Brexit is a crucial part of this story—but not the whole picture. Mansfield’s support for leaving the EU in June 2016 was 70 per cent. But this archetypal ‘left behind’ town has been moving away from Labour for a very long time. Its directly-elected mayoralty has been held by right-leaning ‘independent’ candidates since the post’s creation in 2002. Conservatives have also, generally speaking, been catching up to Labour at general elections there since 1997.
The constituency has one of the highest concentrations of working-class voters in England. 60 per cent of the residents of the local authority area are categorised as social grades C2 (skilled manual workers) or DE (semi-skilled, unskilled and unemployed), compared to an English average of 46 per cent.

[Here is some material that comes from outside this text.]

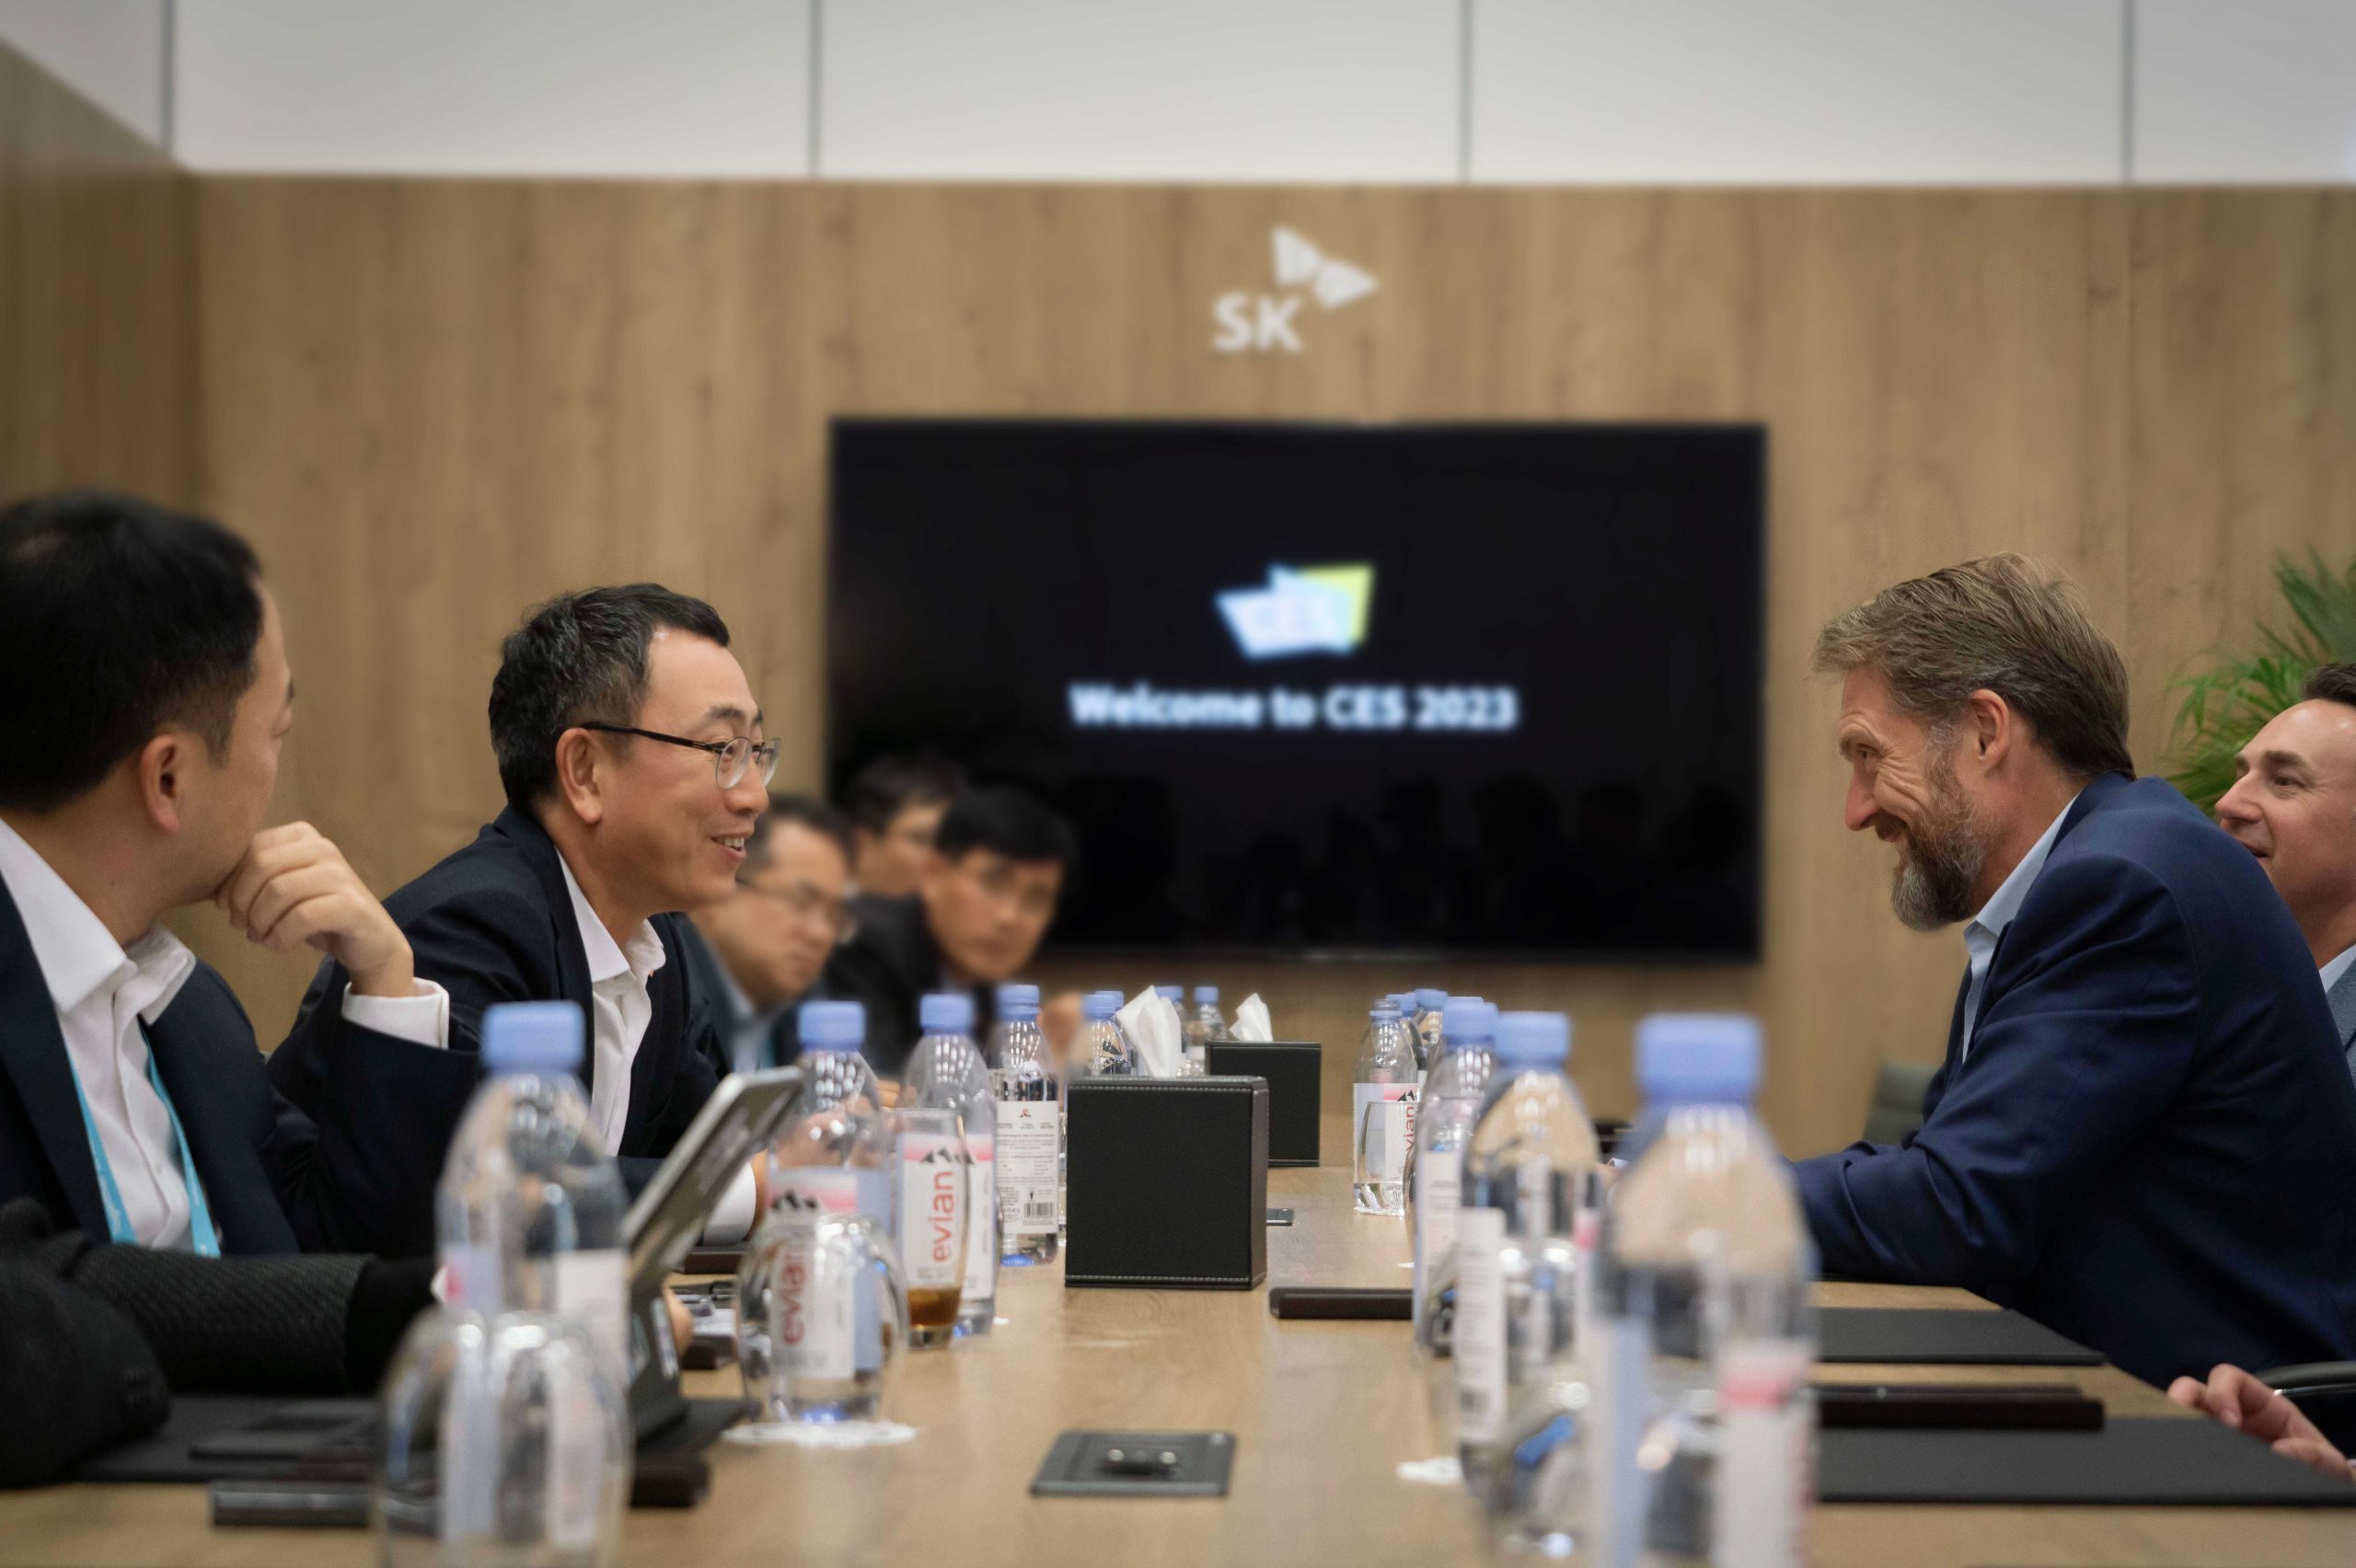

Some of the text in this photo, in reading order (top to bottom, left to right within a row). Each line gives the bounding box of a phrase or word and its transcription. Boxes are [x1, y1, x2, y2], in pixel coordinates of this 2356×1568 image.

While the details are complex, then, we can see Labour’s loss of Mansfield as part of a long run national trend of working class voters deserting the Labour Party. IpsosMori voting data shows C2 support steadily declining from around 50 per cent in 1997 to 30 per cent in 2010, and DE support declining from around 60 per cent to around 40 per cent over the same period.
At the same time, working-class support for the Conservative Party has risen steadily across recent elections, now almost matching its early 1980s peak. As such, the Conservative Party now leads Labour among C2 voters by 4 percentage points, rising from an even share with Labour in 2015. And the Conservative Party has closed the gap among DE voters to 9 percentage points, having been 15 points behind in 2015.
Labour picked up working-class vote share too (benefiting from a collapse of working-class support for the SNP and the Green Party), but its surge was based mainly on a remarkable uptick in support among AB and C1 voters (managerial and professional workers). Incredibly, the spread of support by class is now fairly even for both main parties.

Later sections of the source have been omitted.